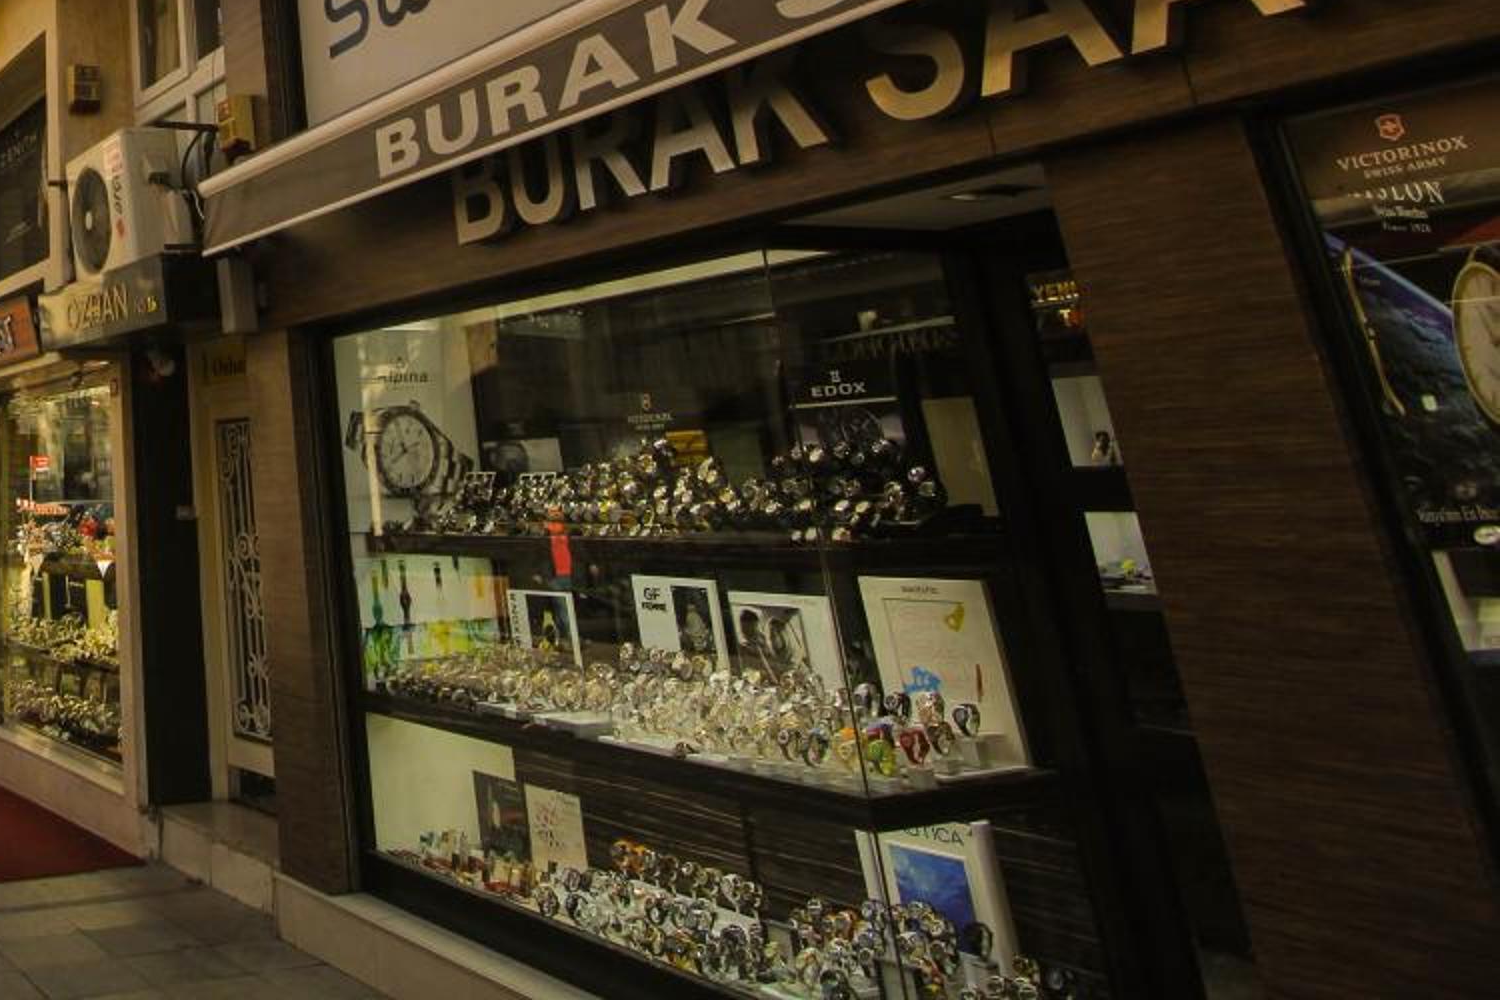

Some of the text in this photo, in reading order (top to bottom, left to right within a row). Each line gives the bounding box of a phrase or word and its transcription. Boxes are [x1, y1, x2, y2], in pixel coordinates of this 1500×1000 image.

[455, 64, 830, 246] BURAK
[1335, 135, 1469, 172] VICTORINOX
[810, 381, 867, 398] EDOX
[643, 587, 662, 601] GF
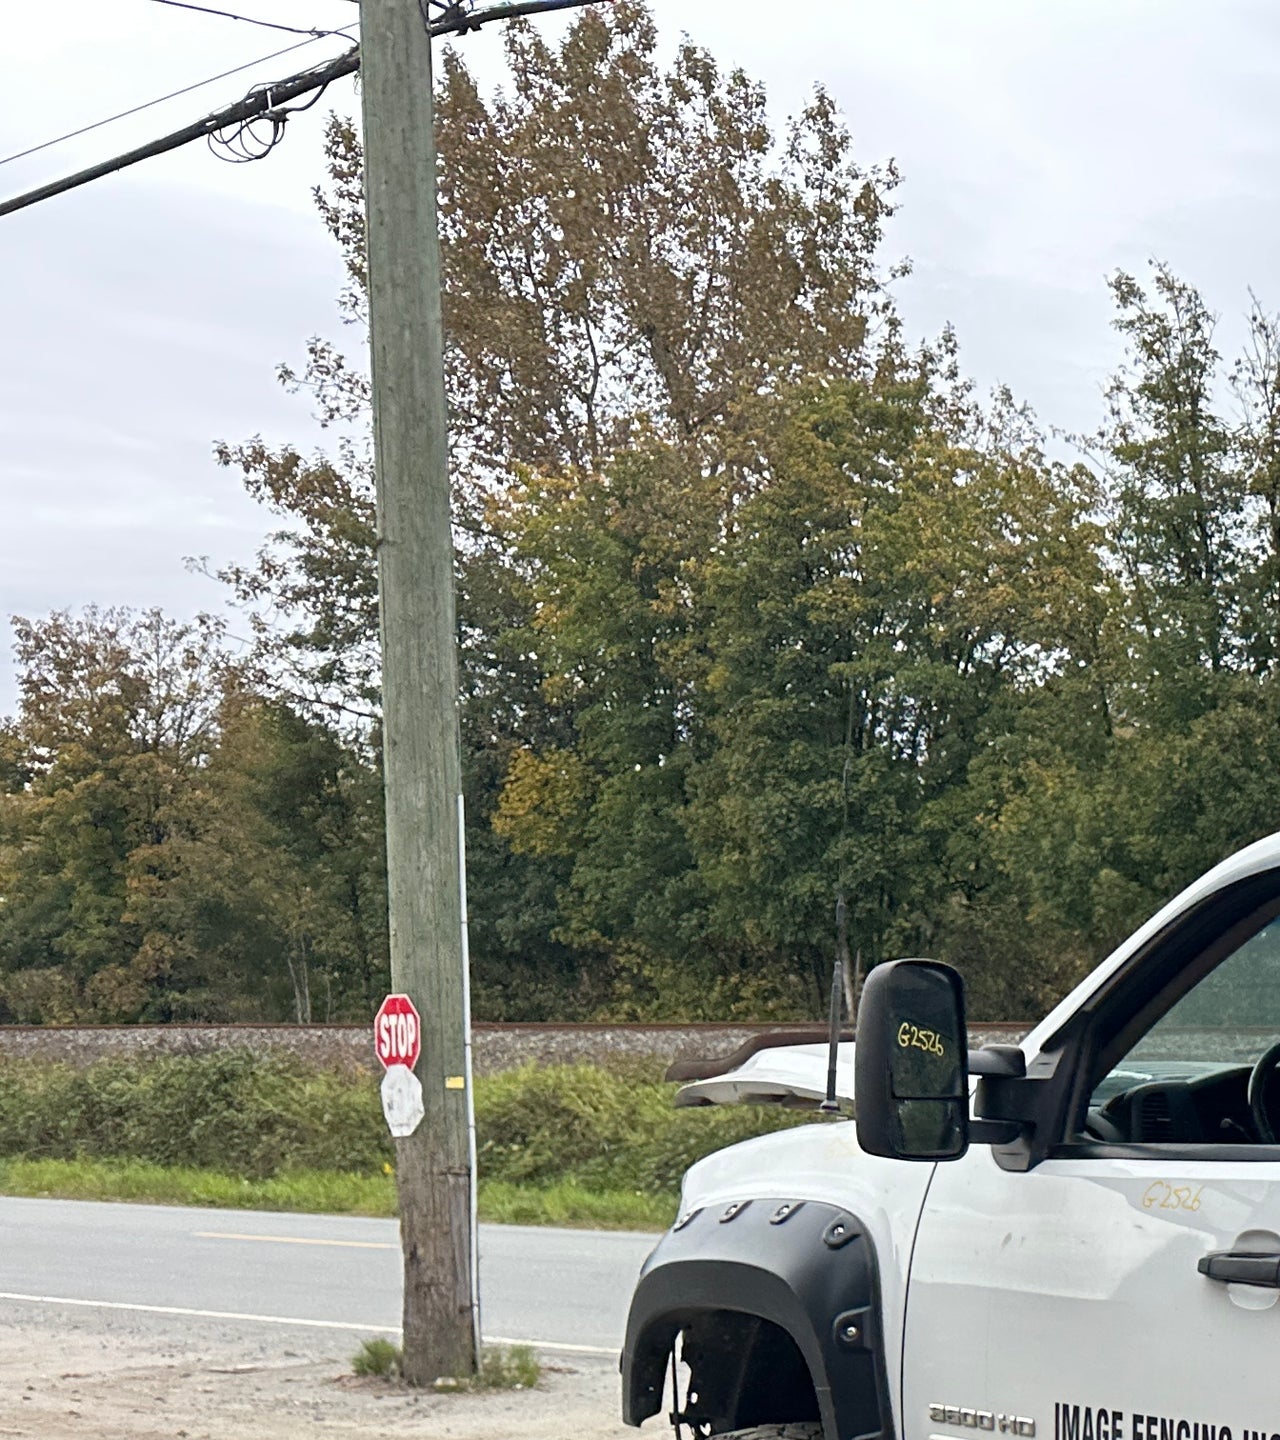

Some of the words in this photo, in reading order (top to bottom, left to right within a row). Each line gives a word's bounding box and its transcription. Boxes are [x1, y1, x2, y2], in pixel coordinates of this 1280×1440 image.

[380, 1013, 416, 1058] STOP
[898, 1022, 944, 1056] G2526
[1142, 1180, 1205, 1211] G2526
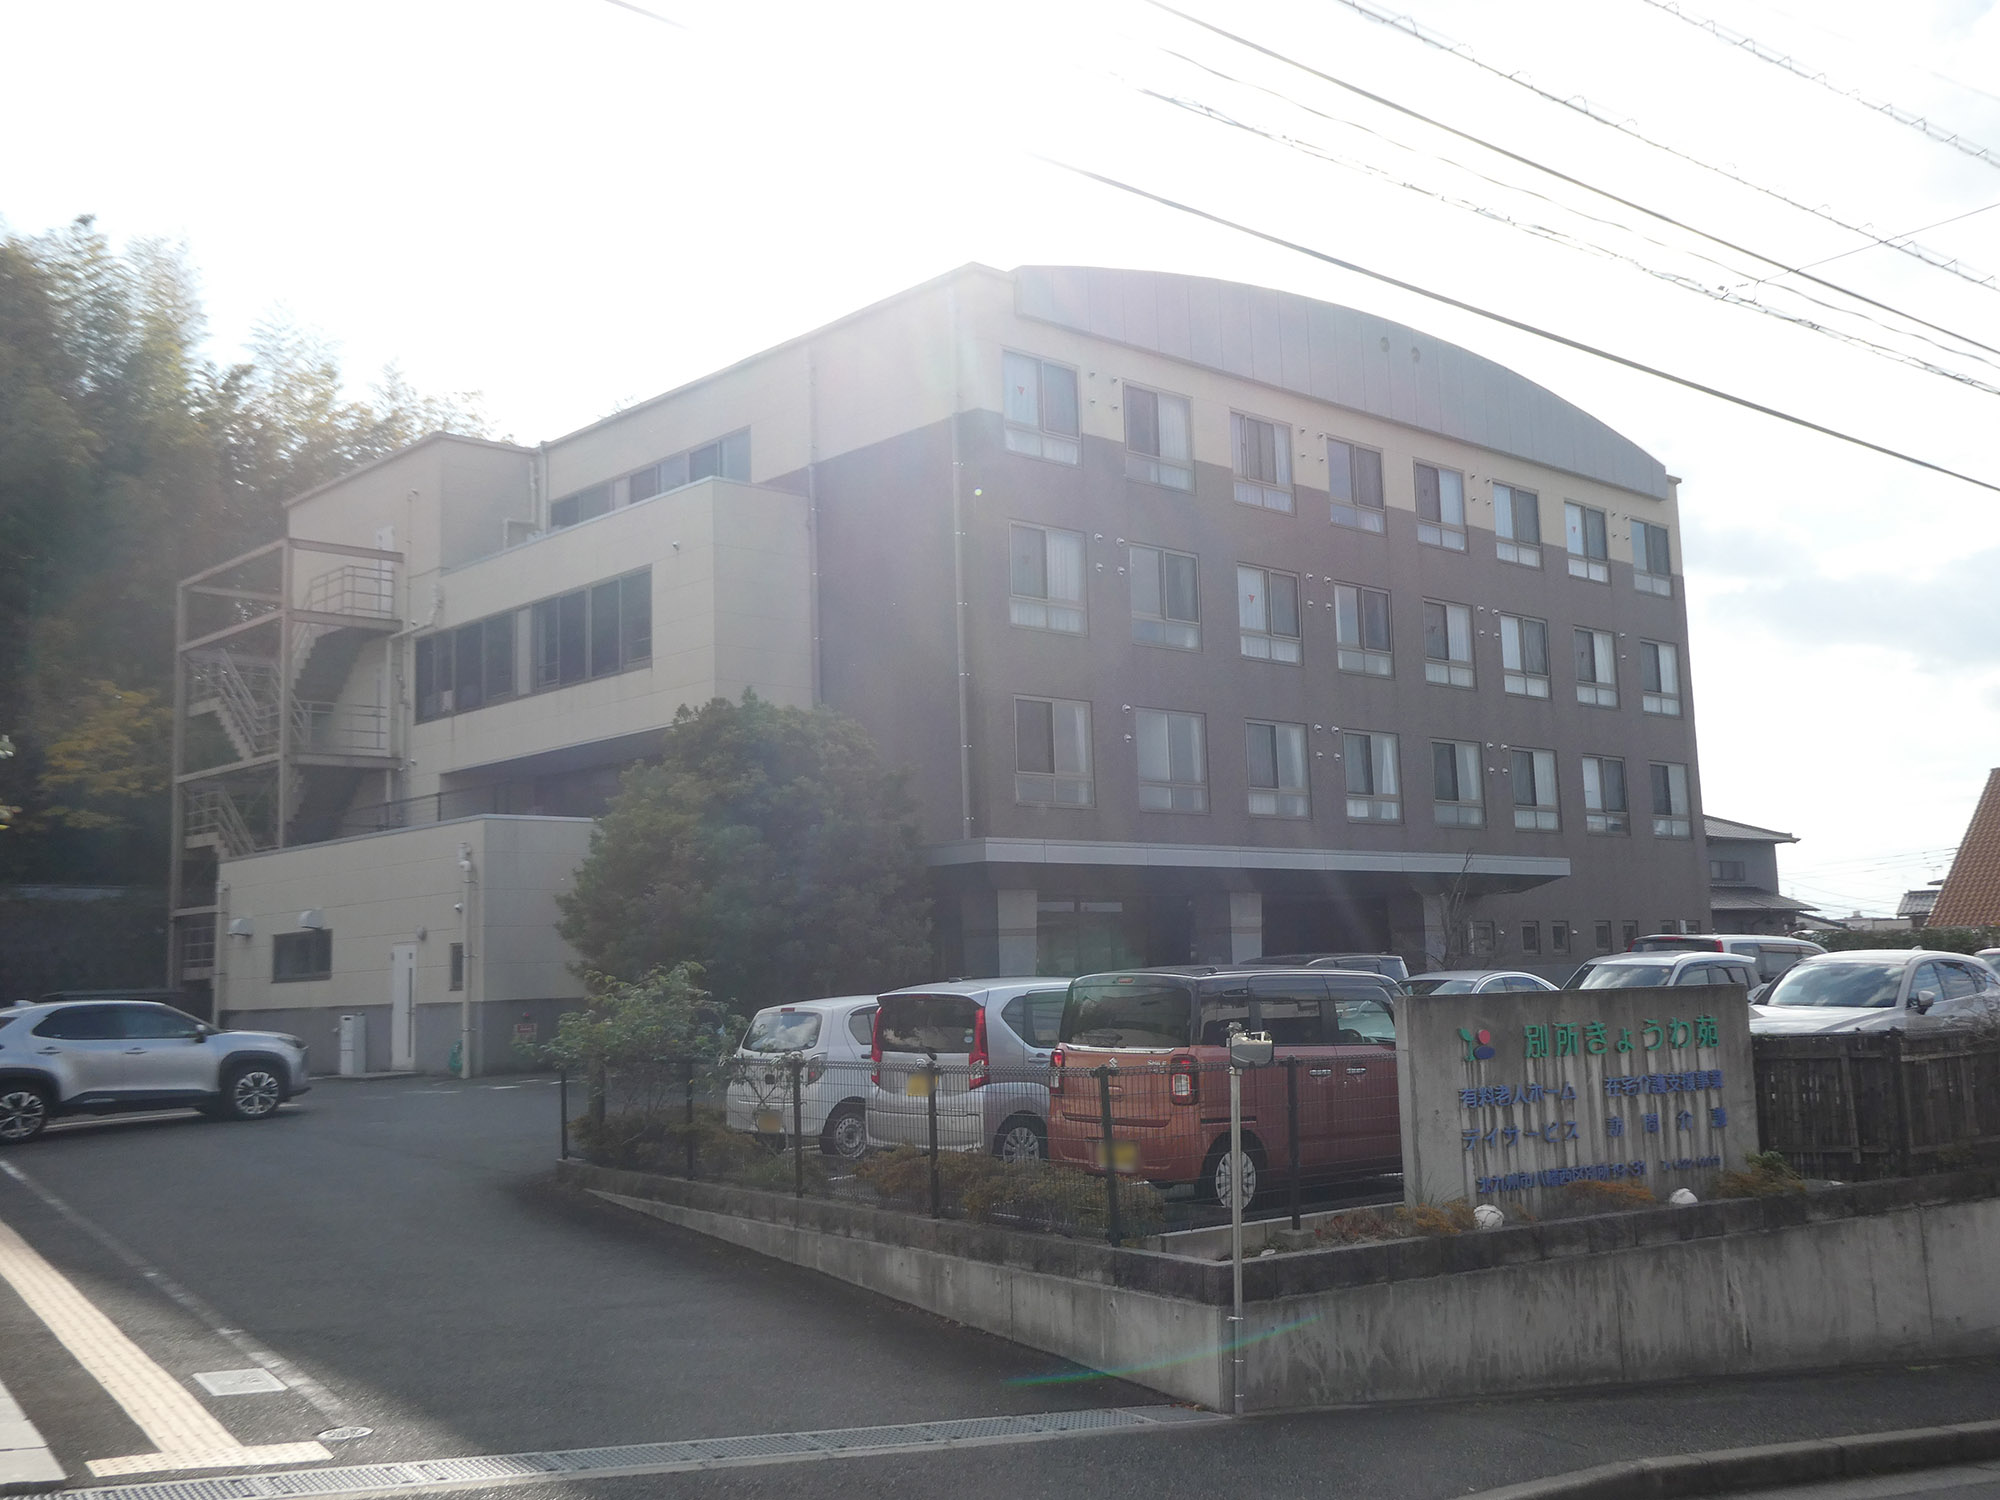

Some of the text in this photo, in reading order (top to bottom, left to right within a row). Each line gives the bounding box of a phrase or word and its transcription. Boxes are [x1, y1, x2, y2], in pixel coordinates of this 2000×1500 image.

[1525, 1015, 1720, 1058] 別所きょうわ苑
[1460, 1081, 1577, 1109] 有料老人ホーム

▸ **EXERCISE REQUIREMENTS**: Please repeat the lines above exactly, beginning with the line that contains "this 2000×1500 image." and ending with the final one.

▸ **WRITTEN SOLUTION**:
Some of the text in this photo, in reading order (top to bottom, left to right within a row). Each line gives the bounding box of a phrase or word and its transcription. Boxes are [x1, y1, x2, y2], in pixel coordinates of this 2000×1500 image.

[1525, 1015, 1720, 1058] 別所きょうわ苑
[1460, 1081, 1577, 1109] 有料老人ホーム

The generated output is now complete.